Applications Folder: MailPlane 4

MailPlane 4
MailPlane 4

To think there was a day when I was excited about email.

When I went to college, I got my first Internet access, and discovered that while we were banned from using the real-time chat protocol talk, you could still have free instantaneous chats with friends by sending email back and forth. My first use of Internet email was, then, to send text messages via a unix command-line.

It was in the fall of 1992, at UC Berkeley, where I finally got email on my Mac, courtesy of a version of the free Eudora email app that was hacked to dial in to a command-line server, connect itself to your account, and download your mail directly. A few months later I got a legitimate internet dial-up account from the University and thus begun 25 years (!) and counting of reading email on the Mac.

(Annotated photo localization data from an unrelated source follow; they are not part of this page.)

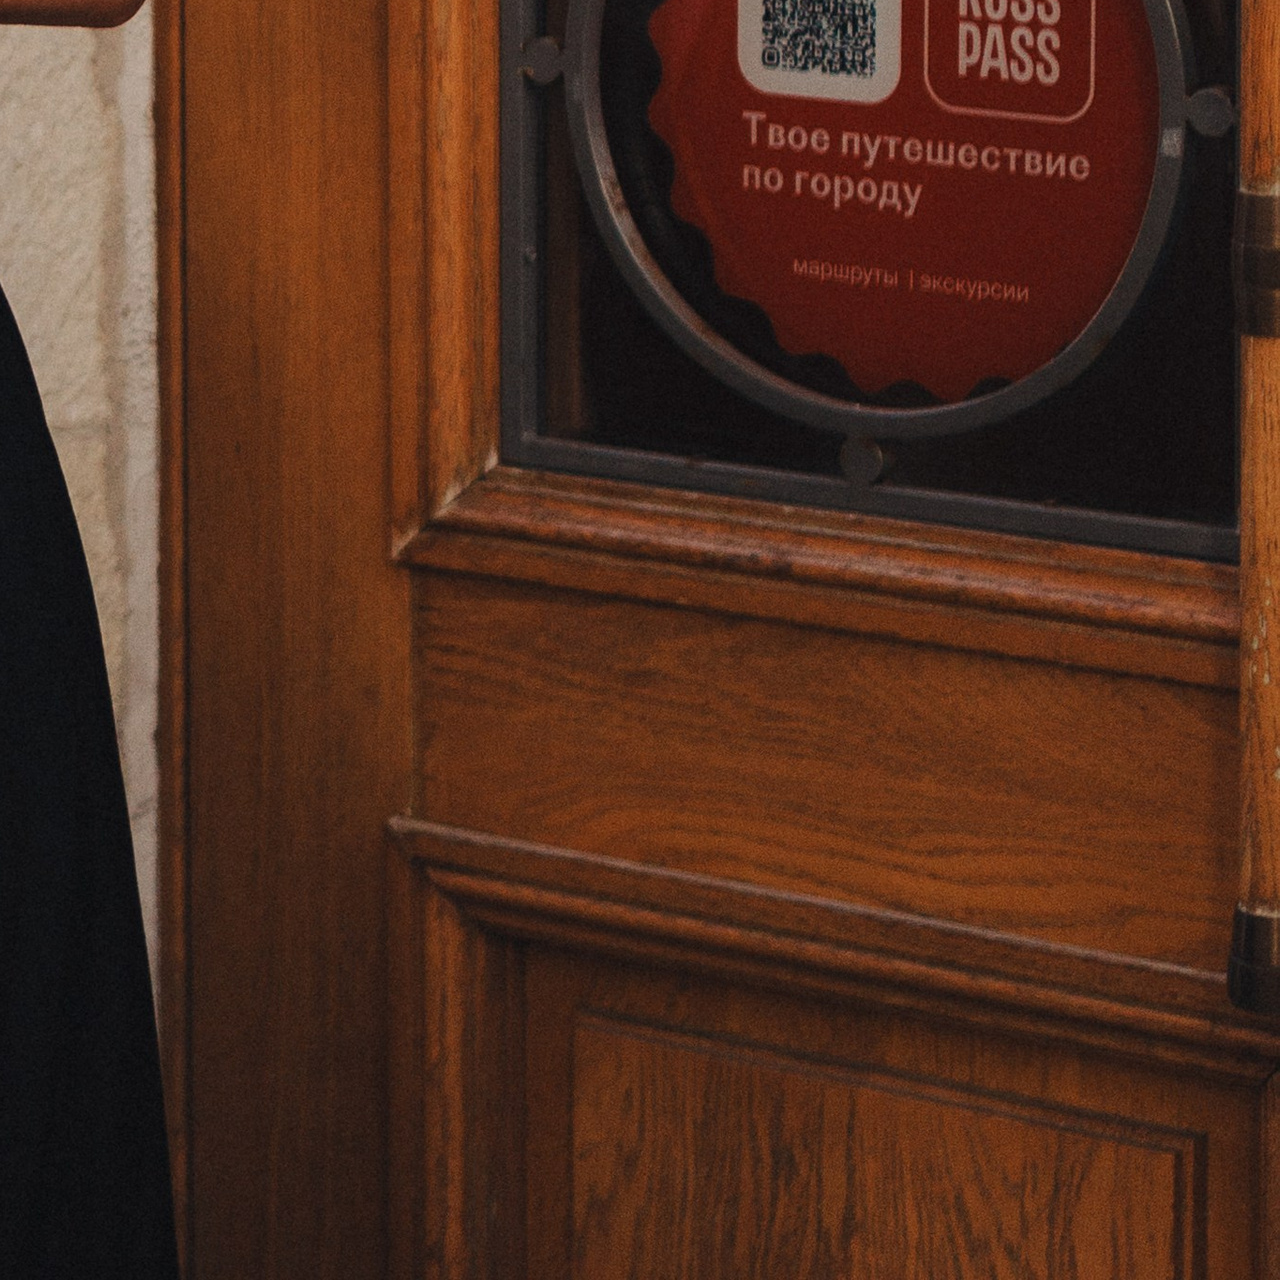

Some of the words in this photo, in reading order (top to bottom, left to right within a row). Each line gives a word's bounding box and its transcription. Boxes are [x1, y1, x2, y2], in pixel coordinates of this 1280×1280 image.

[958, 21, 1060, 85] PASS
[742, 110, 831, 155] Твое
[841, 131, 1091, 182] путешествие
[742, 164, 784, 193] по
[794, 169, 923, 218] городу
[793, 257, 899, 287] маршруты
[919, 272, 1030, 303] экскурсии
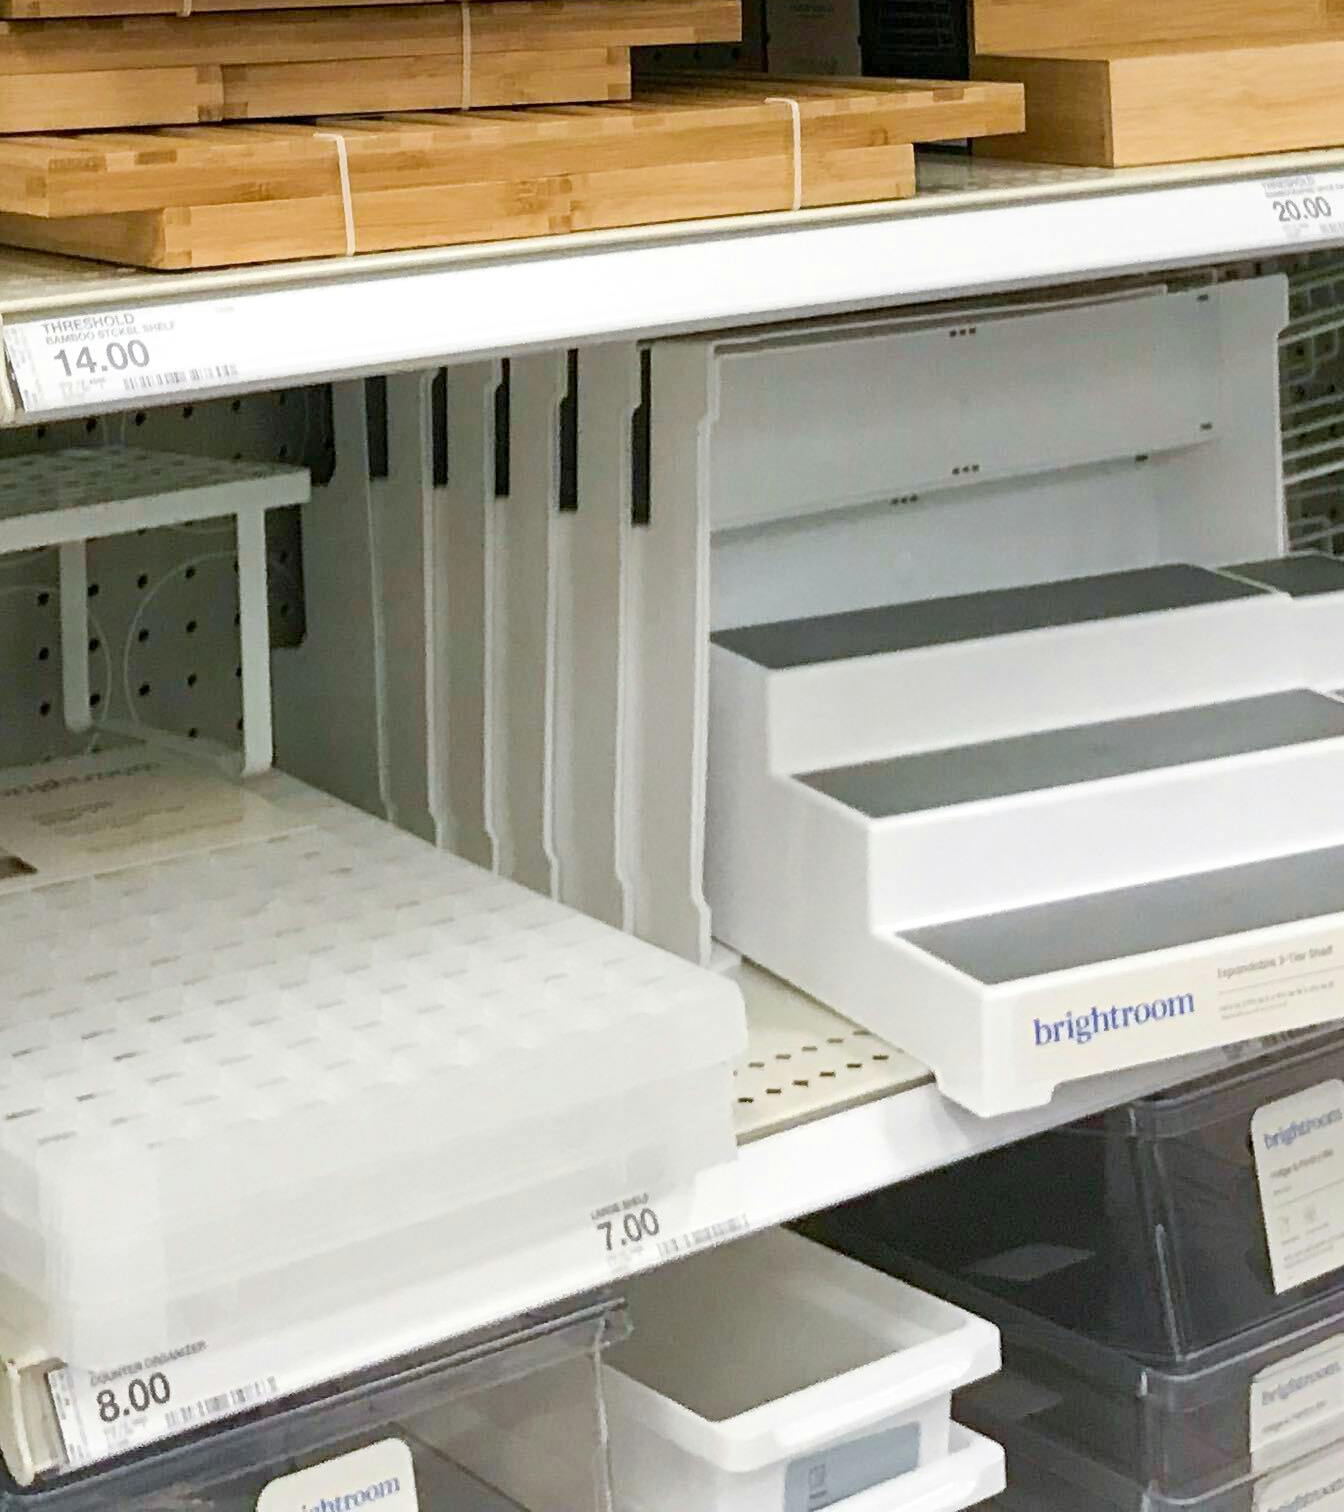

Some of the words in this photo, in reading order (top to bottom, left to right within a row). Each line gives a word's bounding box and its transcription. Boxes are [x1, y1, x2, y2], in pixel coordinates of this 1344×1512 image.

[1272, 195, 1332, 222] 20.00
[41, 312, 136, 336] THRESHOLD
[53, 339, 151, 377] 14.00
[1033, 991, 1196, 1048] brightroom
[1263, 1107, 1344, 1150] brightroom
[596, 1207, 660, 1251] 7.00
[96, 1371, 171, 1423] 8.00

At some point Eudora died, and at some point after that I finally gave up on it. For a while I tried Apple Mail, but it frustrated me—it was slow and unreliable. Searching in particular left me frustrated—Spotlight would often find endless streams of emails I never wanted to see, but search in the Mail app itself somehow could never find what I wanted. And of course, there was the lag—I’d get a new email, click on it to read it, and Mail would just spin and spin for a minute or two before finally showing me the message.

If an email program failed at the basic task of displaying your new messages promptly when you clicked on them—Mail was always too busy syncing other mailboxes in the background to load my inbox?—I decided it was not an email program I wanted to use. (I know, I know, Mail has gotten better since then, and I’ve used it sporadically for testing, but I’ve never gone back to it.)

I abandoned Mail and switched to Gmail’s web interface, something that sounded bananas when my friend Adam Engst first revealed that he’d done it. (Adam was, at one point, the biggest supporter of Eudora on the planet.) I hated the idea of keeping a web-browser window open to check my mail. But I loved the idea of instantly reading messages and having immediate access to extremely robust email search.

What allowed me to switch was Mailplane, a $30 app that takes the Gmail web interface and makes it something that feels like a Mac app. It runs in its own process, so I never close the window accidentally when I’m doing something in my web browser. It uses Mac-native keyboard shortcuts, instead of the (very unix-inspired) shortcuts found in Gmail proper. It wraps a bunch of other features, such as drag-and-drop attachments, notification center, multiple accounts, integration with other apps, and even support for isolating Google Calendar and Contacts as well.

I would not be using Gmail as my primary interface for mail were it not for Mailplane. If you’re a Gmail user and a Mac user who has been frustrated by how weird it is to read your email in a web browser, give it a try.

Somewhere in the last 25 years, I lost my enthusiasm for email, but it’s necessary. Combined with Sanebox—disclosure: they’re a sponsor of some of my podcasts—it’s made triaging email less of a chore than it was before. At this point I’m going to call that a win.